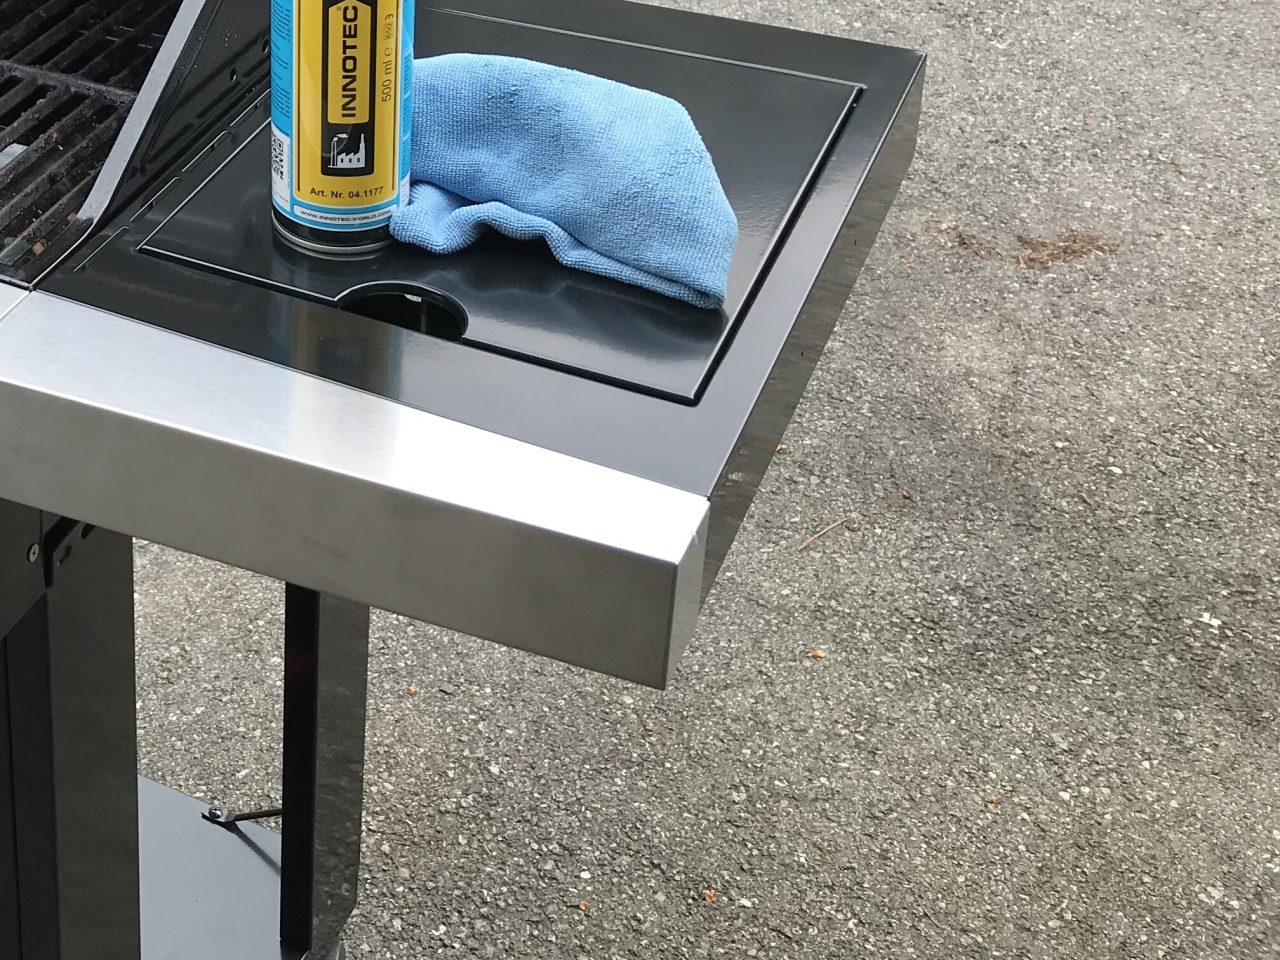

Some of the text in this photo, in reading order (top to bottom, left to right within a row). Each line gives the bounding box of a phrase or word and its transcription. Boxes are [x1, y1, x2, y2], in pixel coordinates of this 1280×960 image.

[341, 5, 359, 118] INNOTEC
[383, 60, 393, 76] ml
[381, 79, 392, 102] 500
[310, 186, 384, 199] Art. Nr. 04.1177
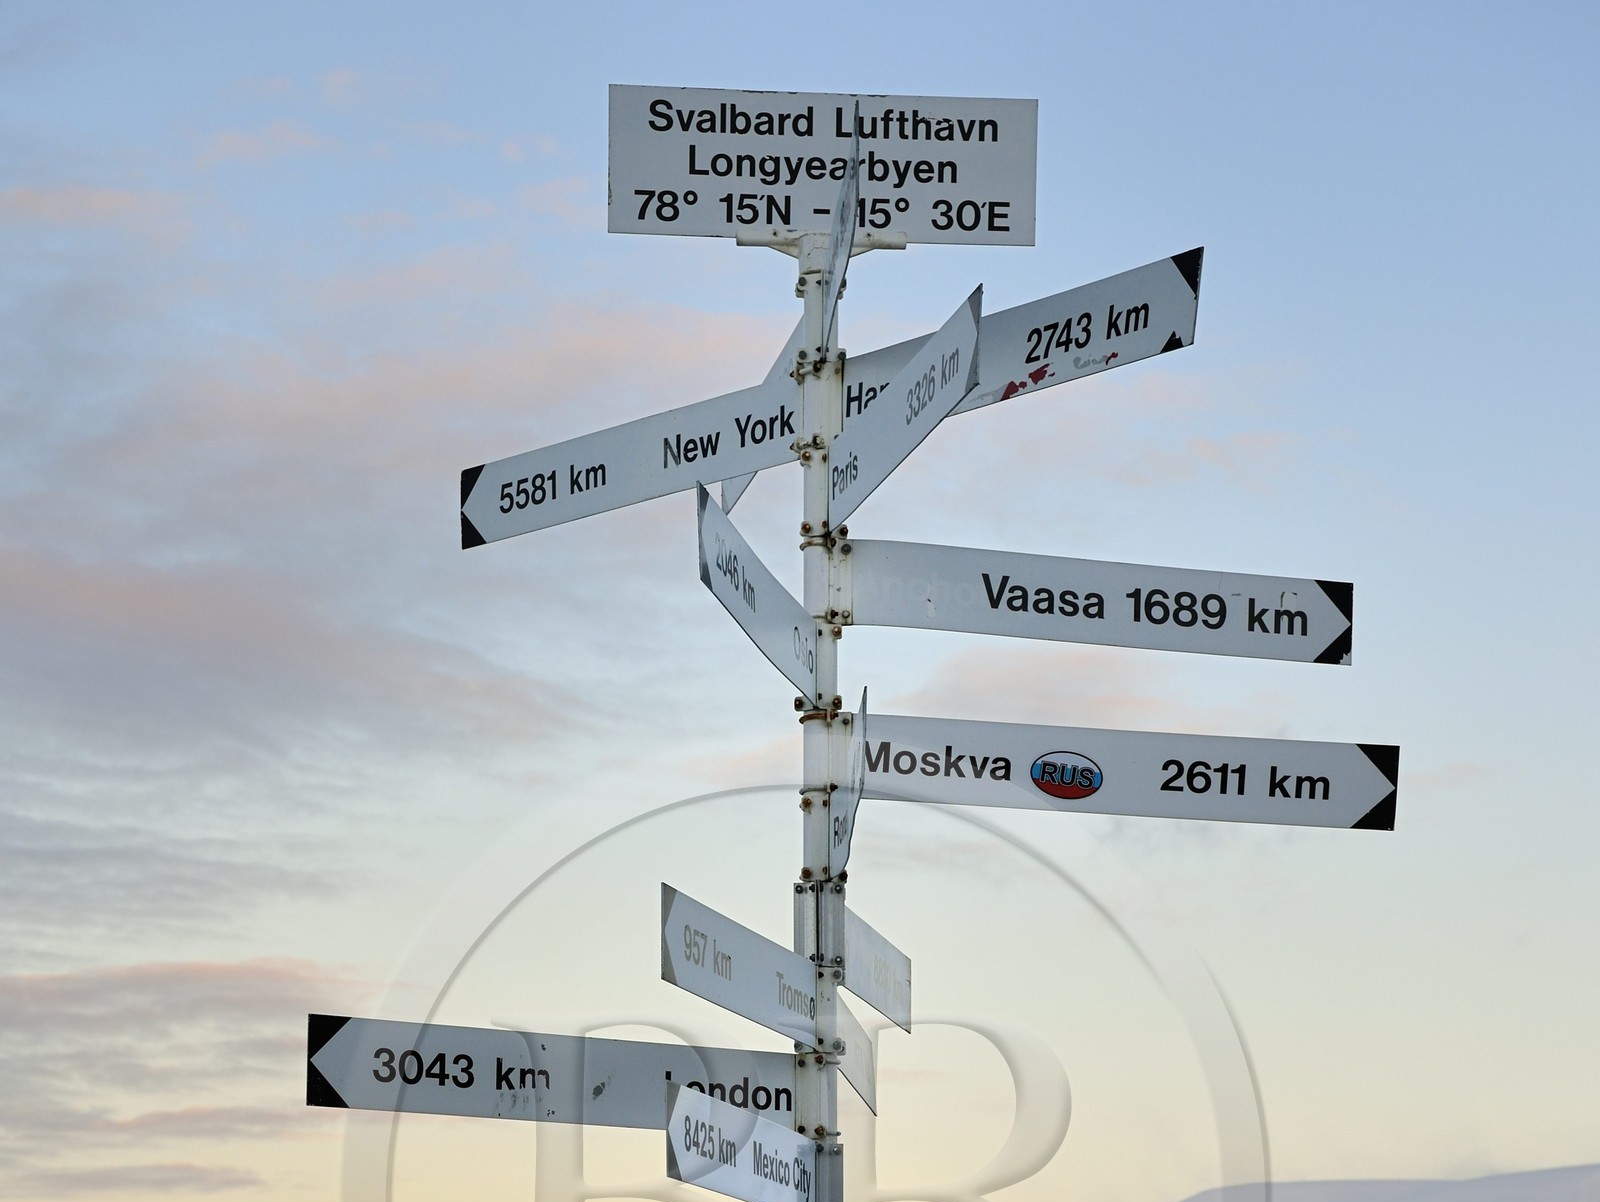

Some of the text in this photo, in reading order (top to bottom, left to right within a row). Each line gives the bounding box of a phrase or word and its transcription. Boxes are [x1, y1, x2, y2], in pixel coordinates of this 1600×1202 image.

[648, 99, 998, 142] Svalbard Lufthavn
[688, 144, 958, 188] Longyearbyen
[634, 189, 698, 222] 78°
[857, 197, 911, 229] 15°
[1024, 312, 1092, 364] 2743
[1106, 302, 1149, 340] km
[832, 347, 960, 501] Paris 3326 km
[499, 405, 796, 514] 5581 km New York
[715, 532, 814, 674] 2046 km Oslo
[981, 573, 1105, 620] Vaasa
[1125, 587, 1228, 630] 1689
[1247, 598, 1309, 637] km
[865, 740, 1331, 801] Moskva RUS 2611 km
[683, 924, 816, 1021] 957 km Tromsø
[372, 1047, 475, 1089] 3043
[496, 1057, 551, 1091] km
[684, 1115, 715, 1161] 8425
[718, 1127, 737, 1168] km
[753, 1140, 790, 1187] Mexico
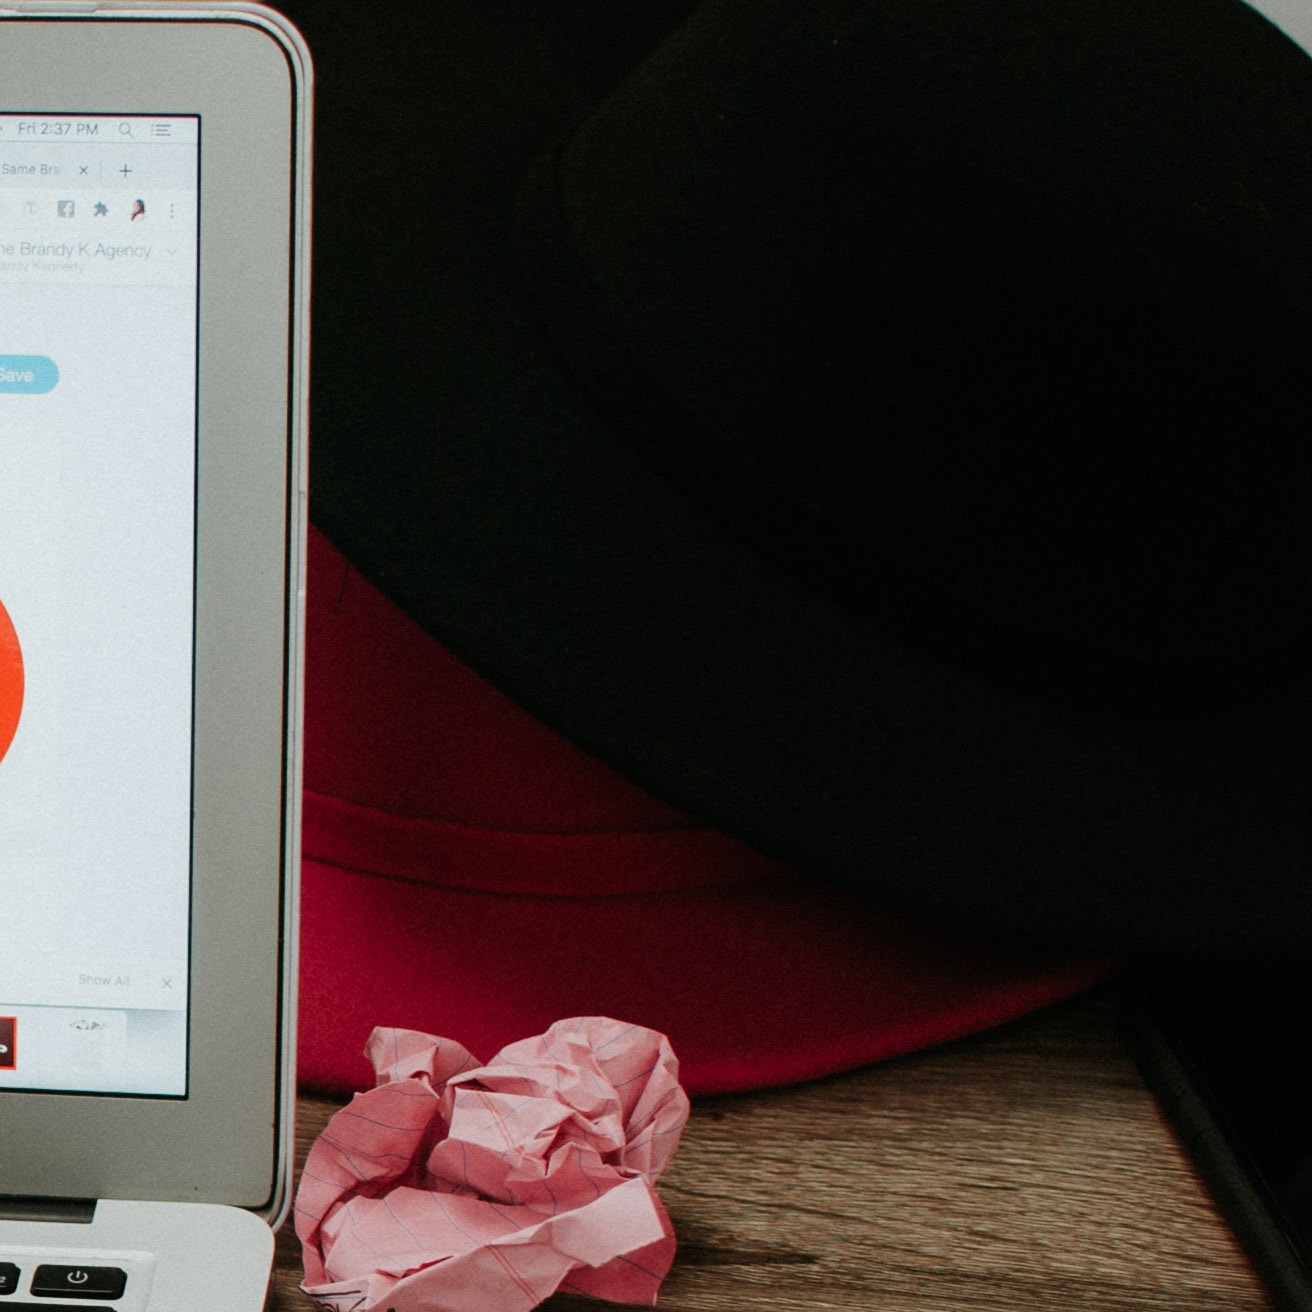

What you have to do |
Pictures stay out. Everything else in the listing gets printed exactly.

Output |
Some of the text in this photo, in reading order (top to bottom, left to right within a row). Each line gives the bounding box of a phrase or word and its transcription. Boxes are [x1, y1, x2, y2], in pixel coordinates of this 1280×960 image.

[341, 5, 359, 118] INNOTEC
[383, 60, 393, 76] ml
[381, 79, 392, 102] 500
[310, 186, 384, 199] Art. Nr. 04.1177

Some of the text in this photo, in reading order (top to bottom, left to right within a row). Each line gives the bounding box of a phrase or word and its transcription. Boxes are [x1, y1, x2, y2], in pixel coordinates of this 1600×1202 image.

[648, 99, 998, 142] Svalbard Lufthavn
[688, 144, 958, 188] Longyearbyen
[634, 189, 698, 222] 78°
[857, 197, 911, 229] 15°
[1024, 312, 1092, 364] 2743
[1106, 302, 1149, 340] km
[832, 347, 960, 501] Paris 3326 km
[499, 405, 796, 514] 5581 km New York
[715, 532, 814, 674] 2046 km Oslo
[981, 573, 1105, 620] Vaasa
[1125, 587, 1228, 630] 1689
[1247, 598, 1309, 637] km
[865, 740, 1331, 801] Moskva RUS 2611 km
[683, 924, 816, 1021] 957 km Tromsø
[372, 1047, 475, 1089] 3043
[496, 1057, 551, 1091] km
[684, 1115, 715, 1161] 8425
[718, 1127, 737, 1168] km
[753, 1140, 790, 1187] Mexico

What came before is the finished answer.